On the flip side, those who truly do have something to complain about… neglect, abuse, torture, rampant generational poverty with no escape… often do not complain but focus more on gratitude for whatever small blessings they may have in their life. Do we spend more time complaining about the flavor or temperature of coffee than we do about starvation? I think we probably do.

Strong complaints about deeply experienced injustice are often not complained about, but instead hid down deep within us. We hear about them, to be sure. In many cases though, we hear about them through a lawyer, a family member, a pastor, or some other community advocate (or professional complainer). The person who puts the complaint into words is not the one to whom it belongs. The real victims sometimes bury the hurt until it festers and they take vengeance into their own hands. Generally speaking, if we are complaining, we still have options and have not become truly desperate yet.

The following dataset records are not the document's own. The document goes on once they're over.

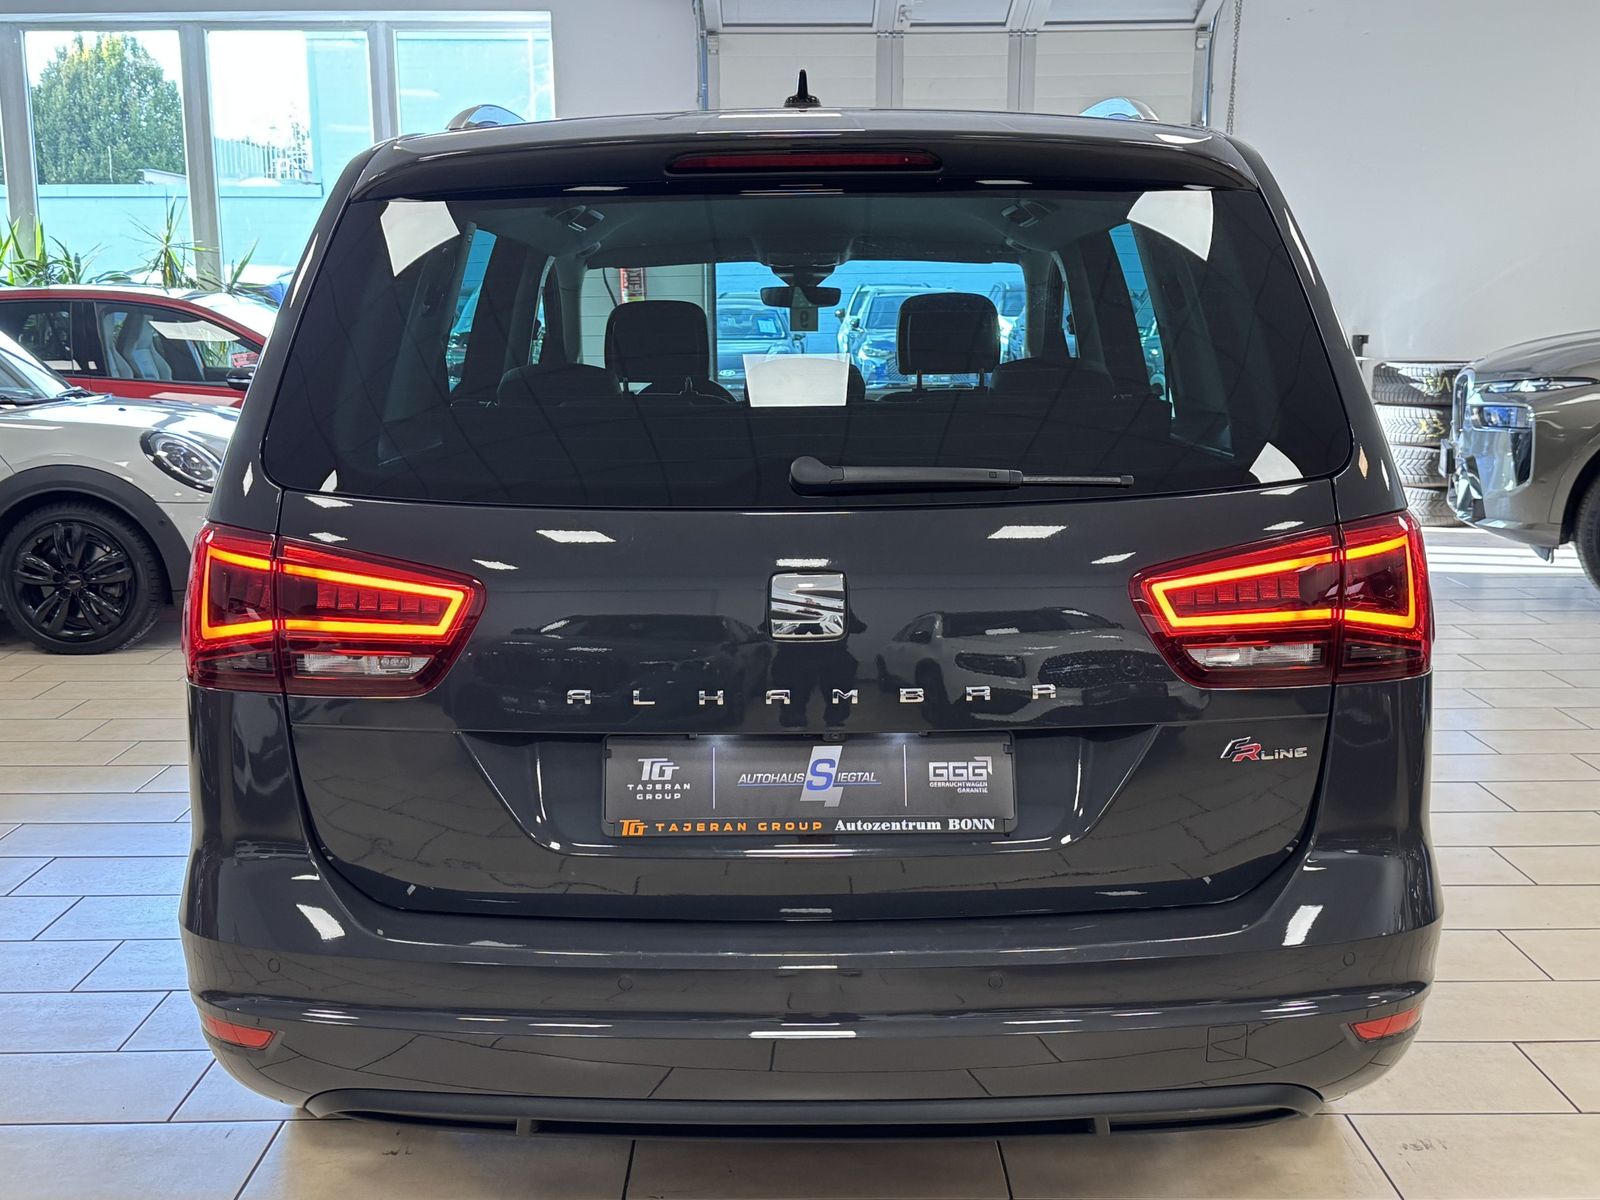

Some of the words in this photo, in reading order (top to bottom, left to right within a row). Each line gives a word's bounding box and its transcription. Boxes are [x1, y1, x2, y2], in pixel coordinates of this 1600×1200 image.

[567, 683, 1057, 706] ALHAMBRA
[1220, 736, 1262, 762] FR
[737, 773, 805, 783] AUTOHAUS
[929, 761, 988, 781] GGG
[627, 783, 691, 791] TAJERAN
[655, 821, 748, 832] TAJERAN
[757, 821, 823, 831] GROUP
[834, 819, 942, 831] Autozentrum
[947, 818, 996, 831] BONN
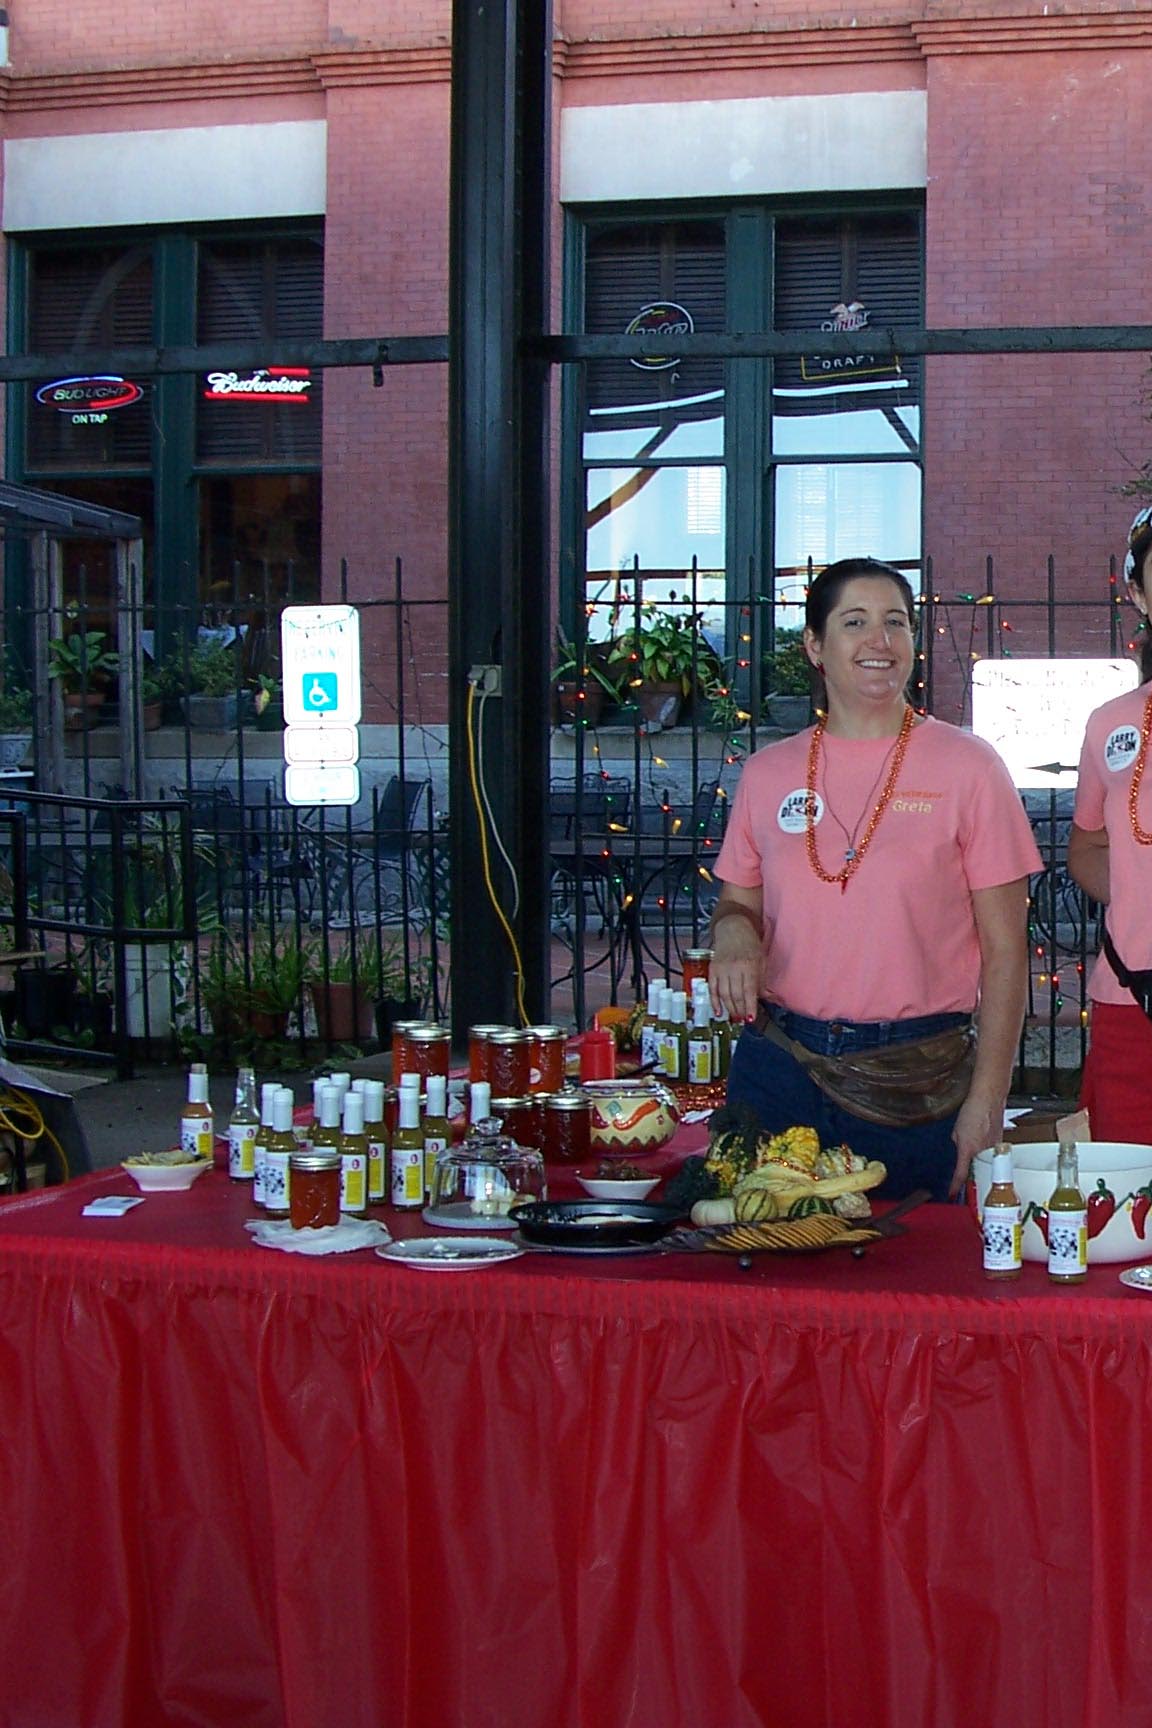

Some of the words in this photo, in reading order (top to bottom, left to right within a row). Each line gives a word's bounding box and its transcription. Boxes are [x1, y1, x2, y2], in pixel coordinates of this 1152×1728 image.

[207, 371, 312, 395] Budweiser
[53, 389, 84, 401] BUD
[85, 386, 127, 399] LIGHT
[71, 414, 88, 425] ON
[89, 413, 109, 424] TAP
[892, 799, 932, 814] Greta
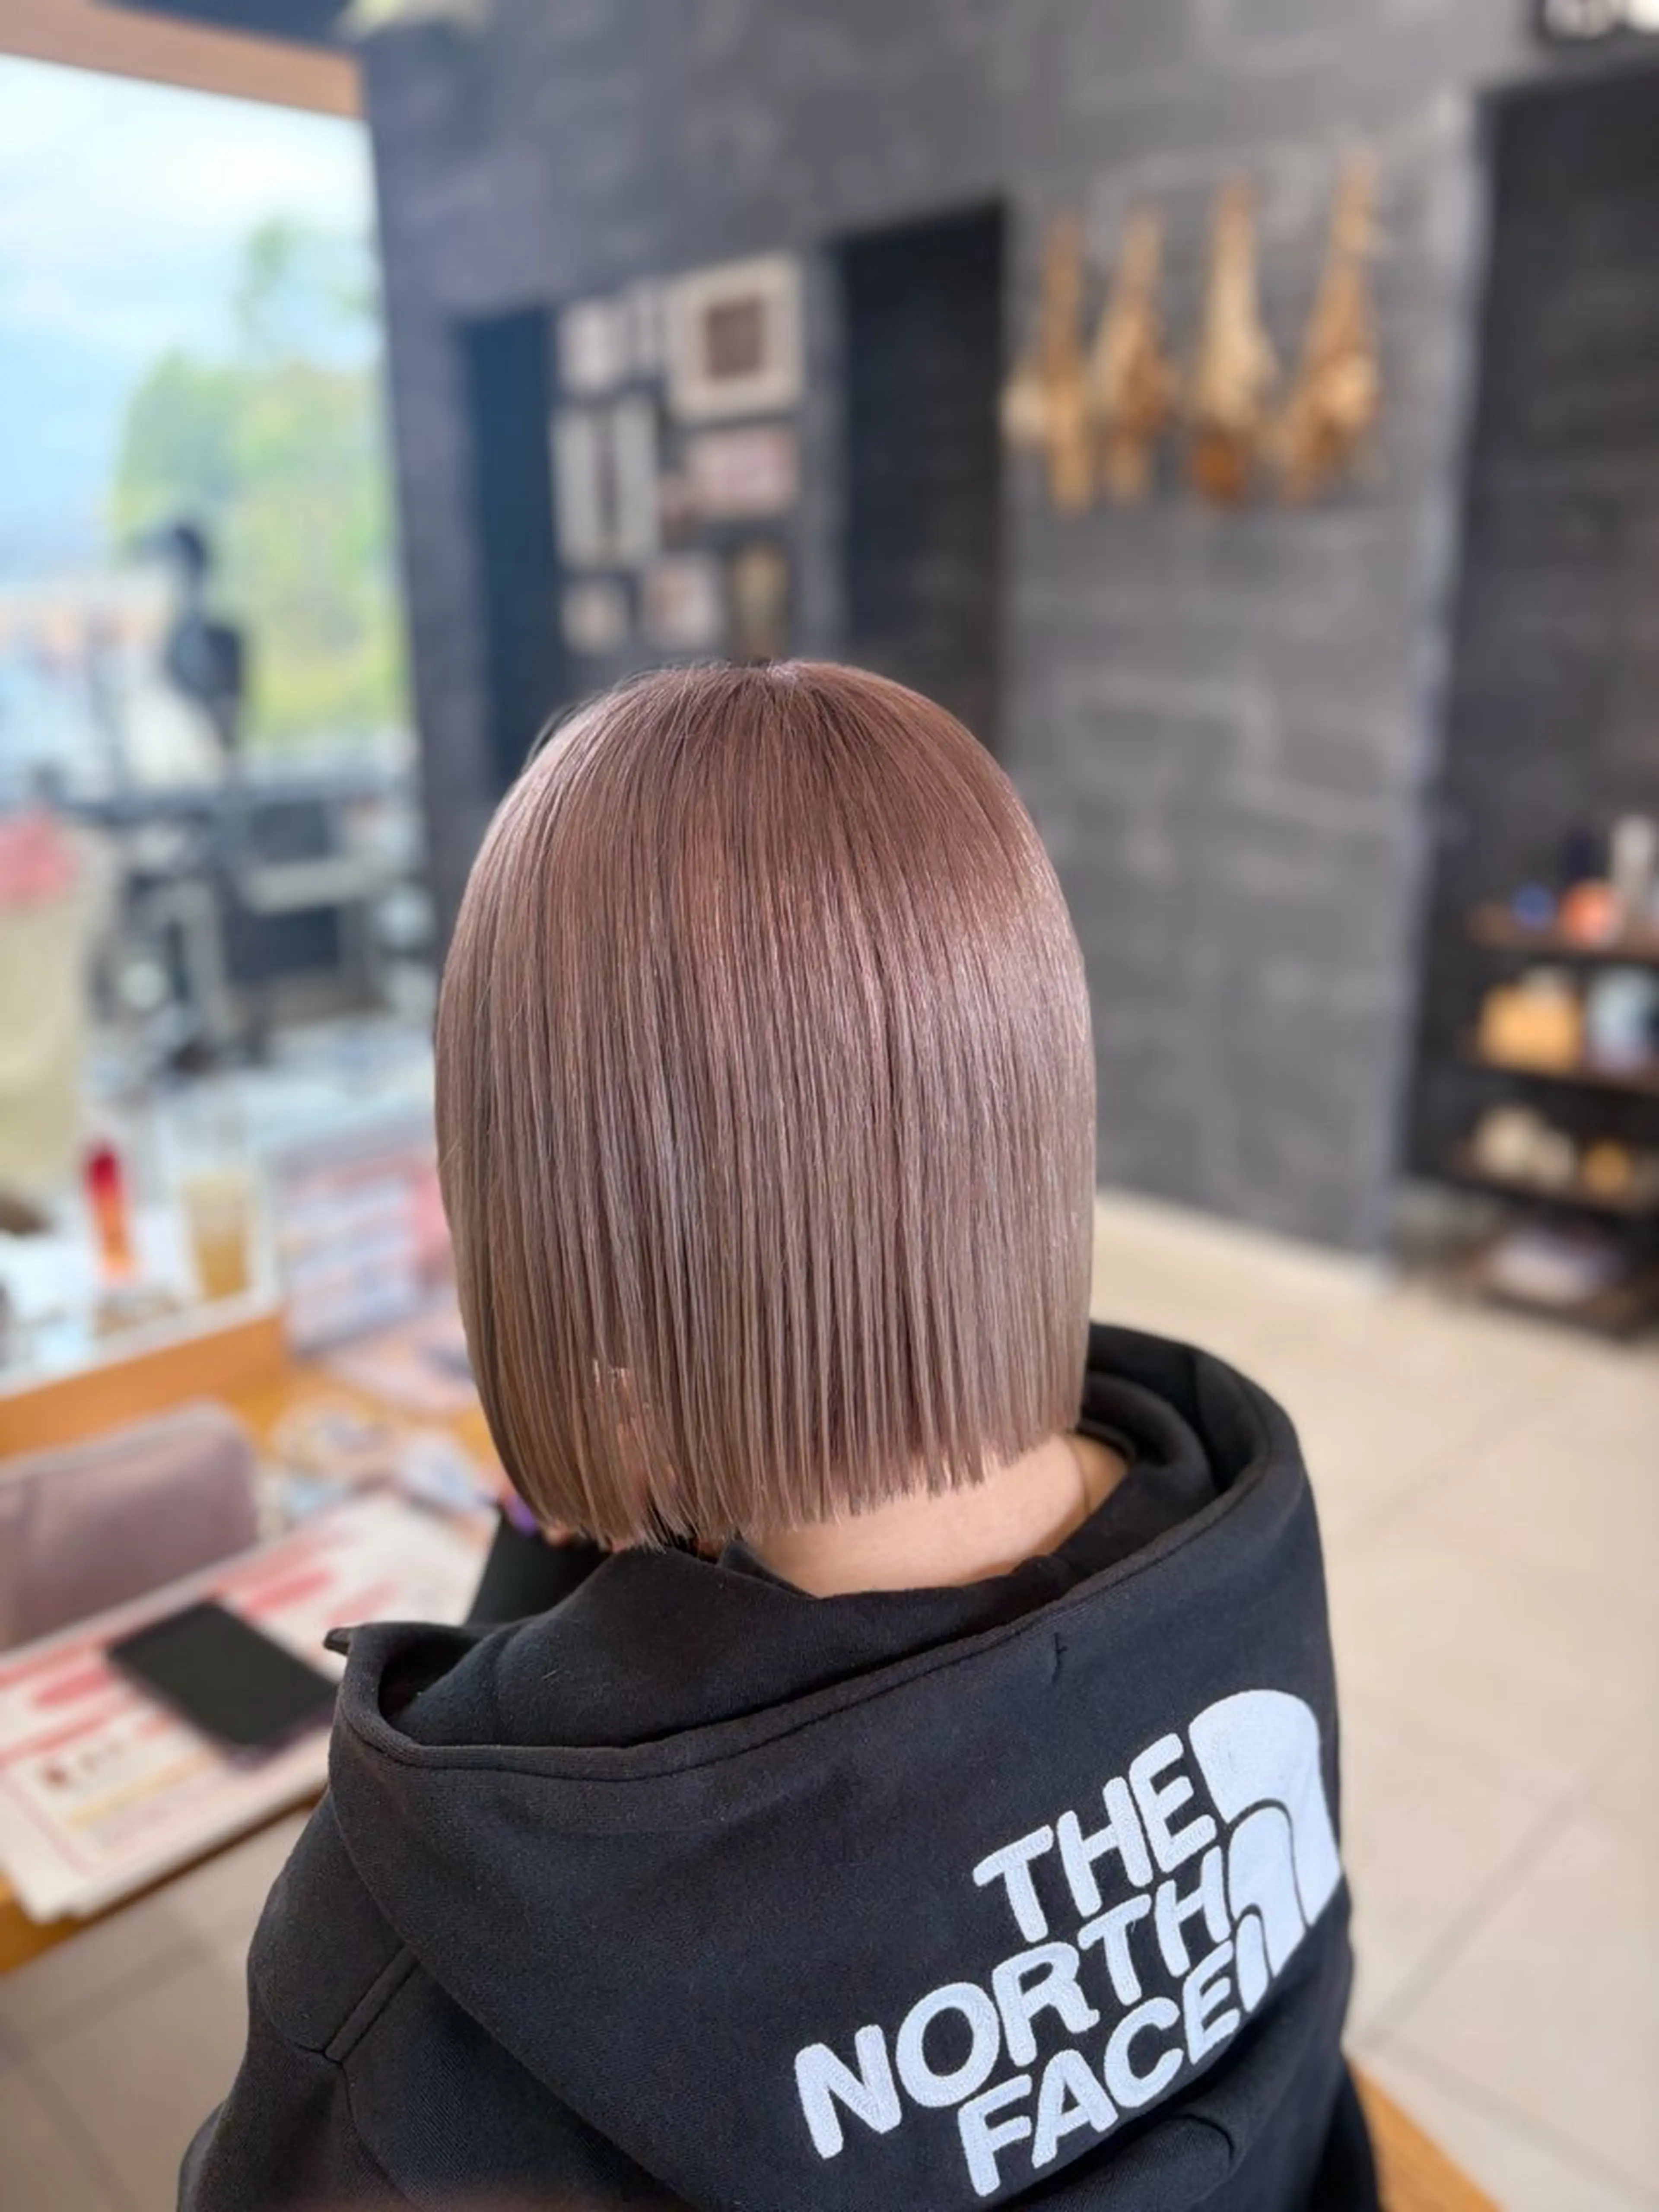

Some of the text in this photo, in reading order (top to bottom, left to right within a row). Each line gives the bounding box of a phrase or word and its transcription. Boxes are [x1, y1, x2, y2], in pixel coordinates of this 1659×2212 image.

[973, 1733, 1217, 1943] THE
[794, 1845, 1232, 2159] NORTH
[958, 1939, 1241, 2196] FACE

I think if there is one profession that truly sees the transition from complaining to desperate begging, it is probably hospital nurses, and particularly those that work in Emergency and Intensive Care units. Perhaps even more specifically, those who work with children in those areas. Again, the patients are not usually the ones with the complaints… it comes from their parents. When things are just bad, there is plenty of complaining and threats to transfer to another hospital. As things get worse though, and options become scarce, the complaining stops and the begging, pleading, and bargaining process of grief begins. It is no longer just irritation, it is true desperation.

I think the Hebrew people were on their way out of complaints and heading toward true desperation, where the were about to have their needs miraculously met by God. Yet, in their irritation over their present predicament, they found the strength to vent their doubts, putting to rest any questions about what was going on in their hearts. They were living agnostic lives, looking to Moses to solve their problems instead of going to God, whom they feared and may not have entirely believed in. He was too mysterious. Moses was an easier target.

Underneath the parable Jesus taught about the servants in the marketplace is a message about doubt as well. The main lesson we should take may well be that we should be grateful for whatever blessings we are given. However, those who complain still have enough to survive. They have not reached desperation yet. If they had, they would not have been complaining, from a place of power, but begging, from a place of poverty. Their complaints show their doubts in the goodness and justice of God.

Do you complain to God? Do you show your doubts openly to Him and others? Or do you hide them away until things get terribly desperate and you have no way out? I think God is patient and kind to us, even in the midst of our doubts, but I think he prefers us to put away our pretenses and be honest about what they are. “Lord, help my unbelief!” is not a complaint, but a desperate cry for help, in the midst of such doubt… and it is a prayer I believe God honors. It seeks faith and wholeness, not just an opportunity to vent, when in truth we are not willing to do what is necessary to be made well. If we are given what we are promised, it is only the sin of jealousy that leads us to complain about the blessings of others. Complaining may not be a sin, but it will not get us what we want with God.

What do you notice others complaining about the most?

What do you think you complain about the most?

When have you reached true desperation?

How did that experience change your attitude?

What kind of attitude do you need today?